Research vessels. For many tasks there is no substitute for well-trained humans working aboard a well-equipped ship. Ships provide scientists and engineers essential access to the world's oceans.   ASL maintains and operates a fleet of nearly 20 underwater gliders. Gliders have great endurance but are very slow. To achieve a useful sampling density we have deployed as many as 12 gliders simultaneously.
The Wave Glider is an environmentally-powered autonomous surface vehicle built by Liquid Robotics, Inc. We are using three of these platforms to study ocean surface salinity in the tropical Atlantic.   We currently operate two short-range, high-speed autonomous underwater vehicles built by OceanServer and YSI. They help us study ocean physics and biology on small time and space scales.
We use floats and drifters to explore circulation patterns over a wide range of temporal and spatial scales. Recent experiments have made use of acoustically-tracked subsurface floats and satellite-tracked surface drifters.   The Submerged Autonomous Launch Platform (SALP) allows floats and drifters to be launched automatically according to a user-defined schedule, interactively by real-time acoustic remote control, or adaptively in response to environmental cues.
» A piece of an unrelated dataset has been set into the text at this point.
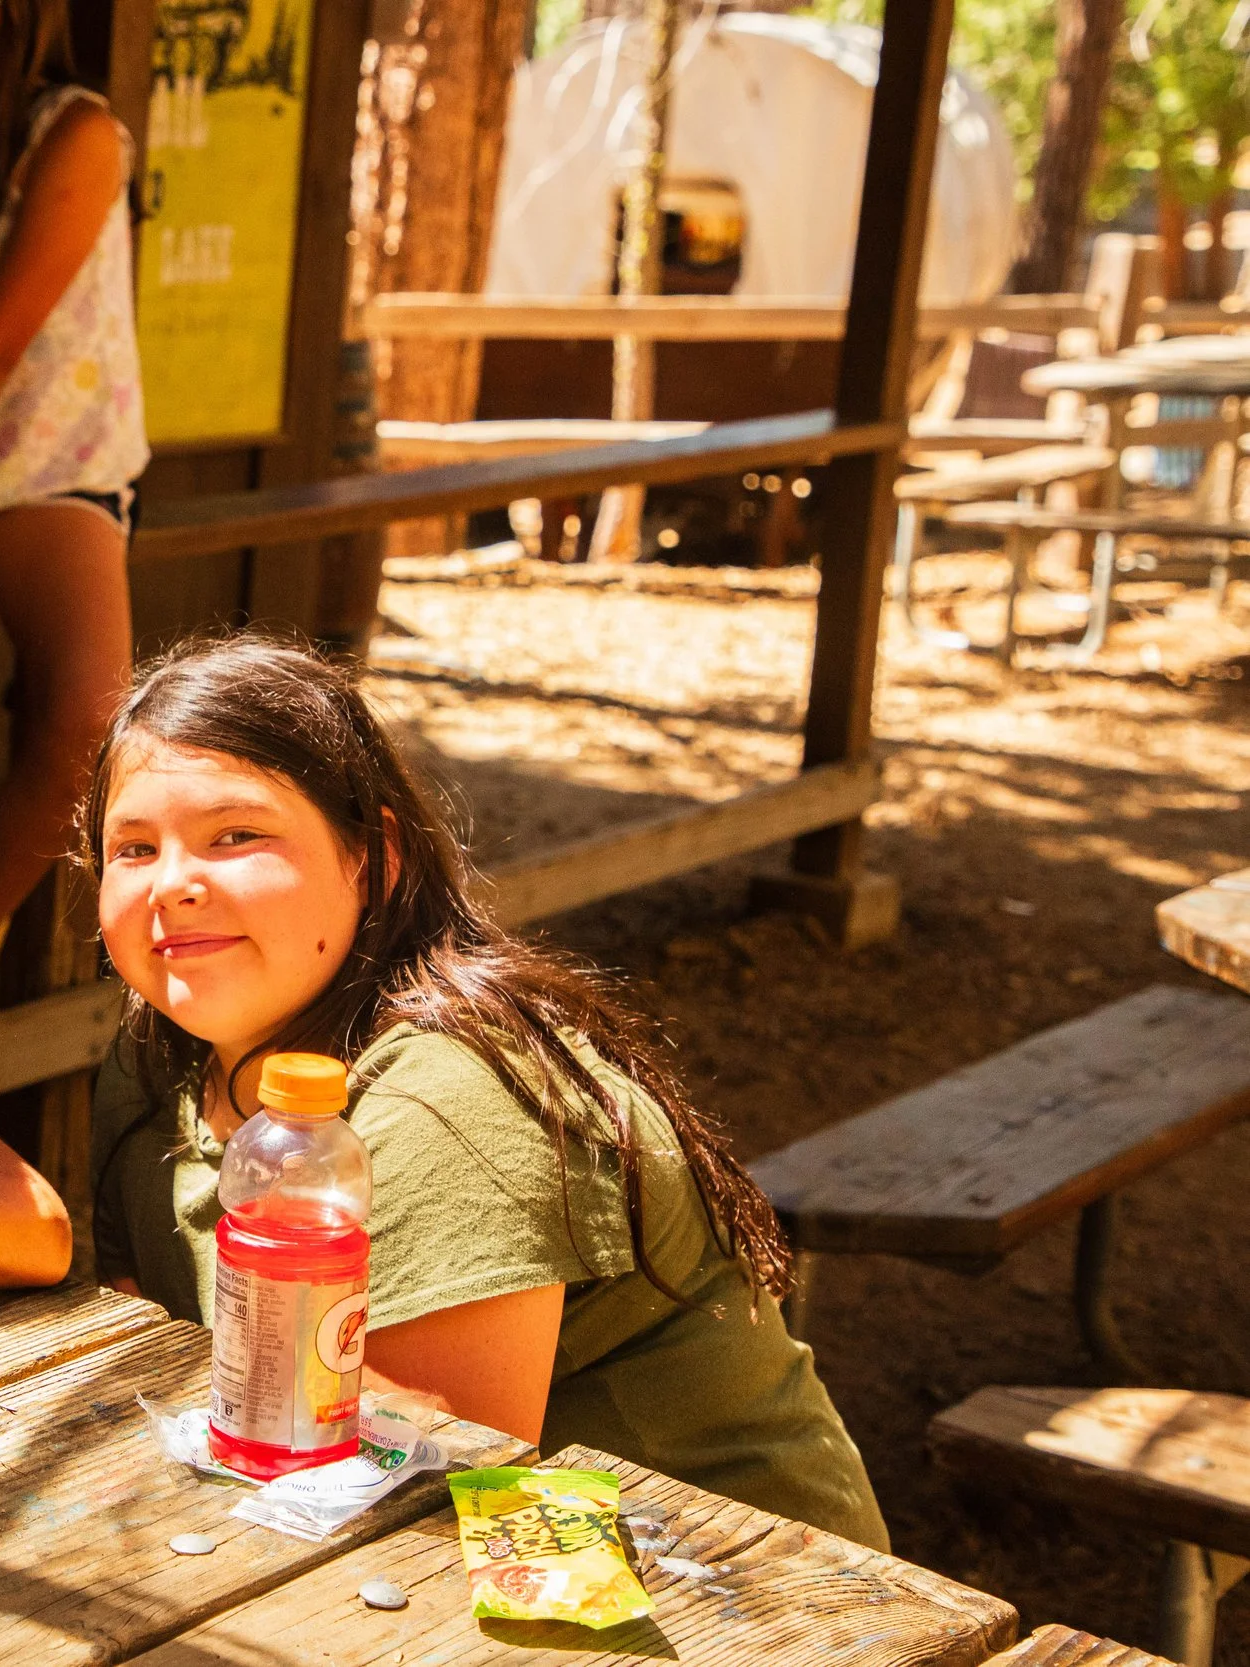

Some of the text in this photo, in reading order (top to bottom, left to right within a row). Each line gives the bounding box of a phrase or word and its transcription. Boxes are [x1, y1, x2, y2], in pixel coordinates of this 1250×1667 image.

The Autonomous Expendable Instrument System (AXIS) is a robotic autolauncher system for expendable oceanographic probes (XBT, XCTD, XSV). The first AXIS prototype is deployed on M/V Oleander which runs between New Jersey and Bermuda.   Measurements retrieved from earth-orbiting satellites are used to study the patterns of ocean circulation. Remote measurements of sea surface temperature, sea surface height, ocean color, wind, and sea surface salinity all contribute to our research.